*WHAT TO WORK ON*
Your copy should match the records exactly, except that it contains no pictures.

(Stored items)
::::::

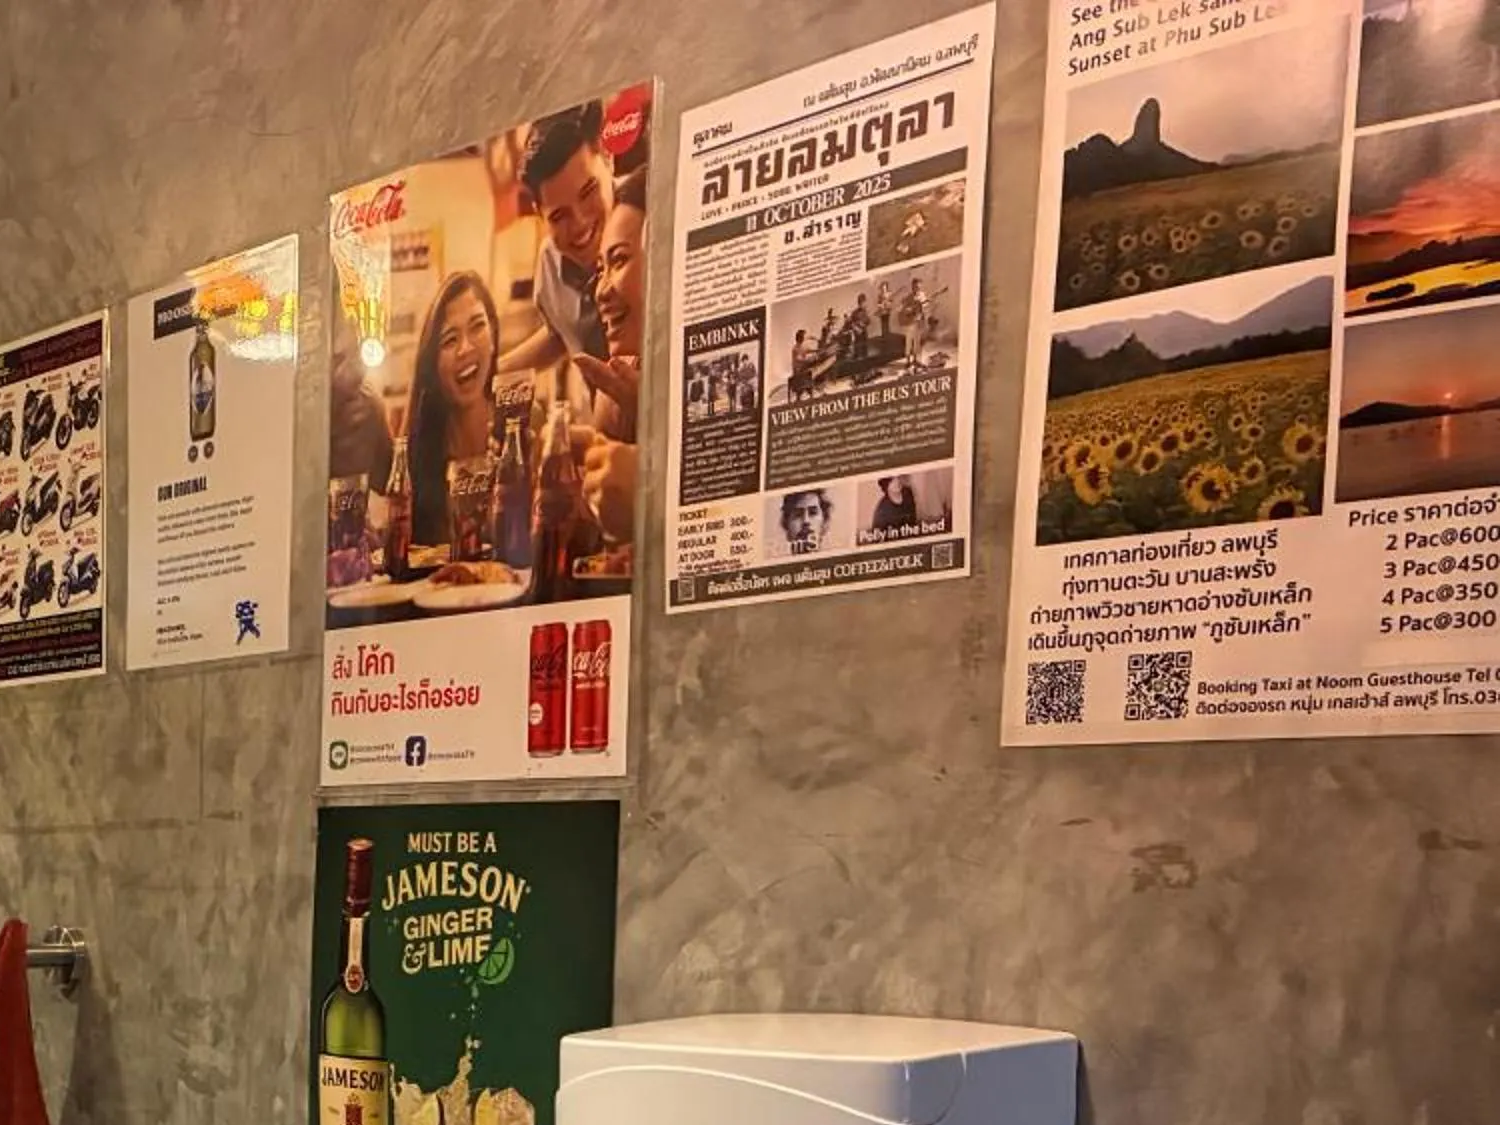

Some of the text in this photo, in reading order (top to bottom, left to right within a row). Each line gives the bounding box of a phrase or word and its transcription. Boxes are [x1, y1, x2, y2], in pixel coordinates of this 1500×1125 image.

[1069, 28, 1106, 52] Ang
[1113, 14, 1150, 38] Sub
[1157, 2, 1192, 25] Lek
[1071, 4, 1102, 27] See
[1067, 44, 1132, 77] Sunset
[1137, 37, 1157, 57] at
[1164, 26, 1201, 48] Phu
[1208, 11, 1247, 36] Sub
[702, 91, 955, 205] สายลมตุลา
[763, 187, 845, 226] OCTOBER
[852, 173, 891, 200] 2025
[771, 375, 951, 426] VIEW FROM THE BUS TOUR
[1349, 492, 1500, 528] Price ราคาต่อจ
[900, 523, 920, 537] the
[921, 517, 945, 534] bed
[1385, 525, 1500, 551] 2 Pac@600
[1064, 528, 1278, 569] เทศกาลท่องเที่ยว ลพบุรี
[1062, 558, 1277, 600] ทุ่งทานตะวัน บานสะพรั่ง
[1383, 553, 1500, 579] 3 Pac@450
[1381, 581, 1498, 605] 4 Pac@350
[1380, 609, 1497, 633] 5 Pac@300
[357, 644, 395, 676] โค้ก
[332, 678, 480, 716] กินกับอะไรก็อร่อย
[1197, 680, 1257, 696] Booking
[1262, 677, 1292, 692] Taxi
[1296, 678, 1311, 690] at
[1316, 675, 1363, 690] Noom
[1367, 670, 1461, 688] Guesthouse
[1466, 667, 1491, 683] Tel
[1393, 689, 1438, 710] ลพบุรี
[1442, 686, 1500, 706] โทร.03
[408, 831, 497, 853] MUST BE A
[381, 861, 526, 913] JAMESON
[403, 907, 493, 940] GINGER
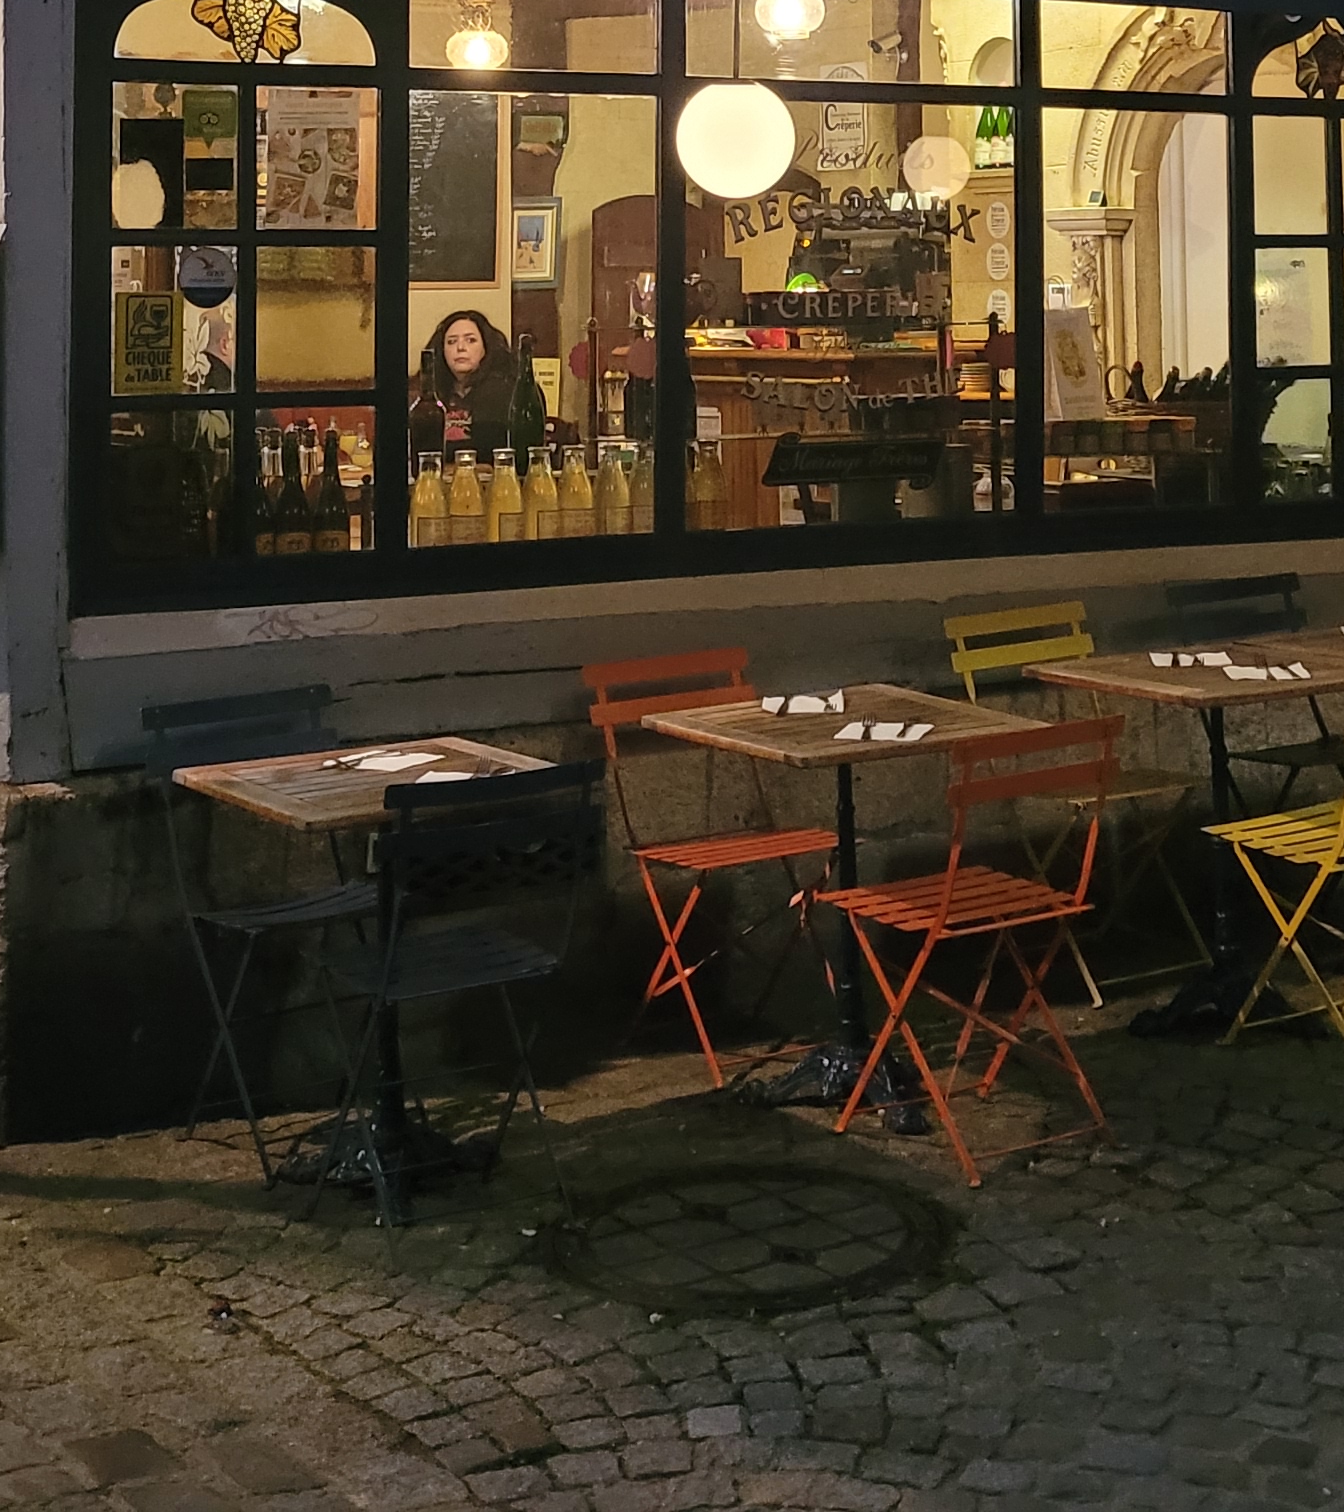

::::::

*SOLUTION TO THIS TASK*
Some of the text in this photo, in reading order (top to bottom, left to right within a row). Each line gives the bounding box of a phrase or word and its transcription. Boxes are [x1, y1, x2, y2], in pixel coordinates of this 1500×1125 image.

[1069, 28, 1106, 52] Ang
[1113, 14, 1150, 38] Sub
[1157, 2, 1192, 25] Lek
[1071, 4, 1102, 27] See
[1067, 44, 1132, 77] Sunset
[1137, 37, 1157, 57] at
[1164, 26, 1201, 48] Phu
[1208, 11, 1247, 36] Sub
[702, 91, 955, 205] สายลมตุลา
[763, 187, 845, 226] OCTOBER
[852, 173, 891, 200] 2025
[771, 375, 951, 426] VIEW FROM THE BUS TOUR
[1349, 492, 1500, 528] Price ราคาต่อจ
[900, 523, 920, 537] the
[921, 517, 945, 534] bed
[1385, 525, 1500, 551] 2 Pac@600
[1064, 528, 1278, 569] เทศกาลท่องเที่ยว ลพบุรี
[1062, 558, 1277, 600] ทุ่งทานตะวัน บานสะพรั่ง
[1383, 553, 1500, 579] 3 Pac@450
[1381, 581, 1498, 605] 4 Pac@350
[1380, 609, 1497, 633] 5 Pac@300
[357, 644, 395, 676] โค้ก
[332, 678, 480, 716] กินกับอะไรก็อร่อย
[1197, 680, 1257, 696] Booking
[1262, 677, 1292, 692] Taxi
[1296, 678, 1311, 690] at
[1316, 675, 1363, 690] Noom
[1367, 670, 1461, 688] Guesthouse
[1466, 667, 1491, 683] Tel
[1393, 689, 1438, 710] ลพบุรี
[1442, 686, 1500, 706] โทร.03
[408, 831, 497, 853] MUST BE A
[381, 861, 526, 913] JAMESON
[403, 907, 493, 940] GINGER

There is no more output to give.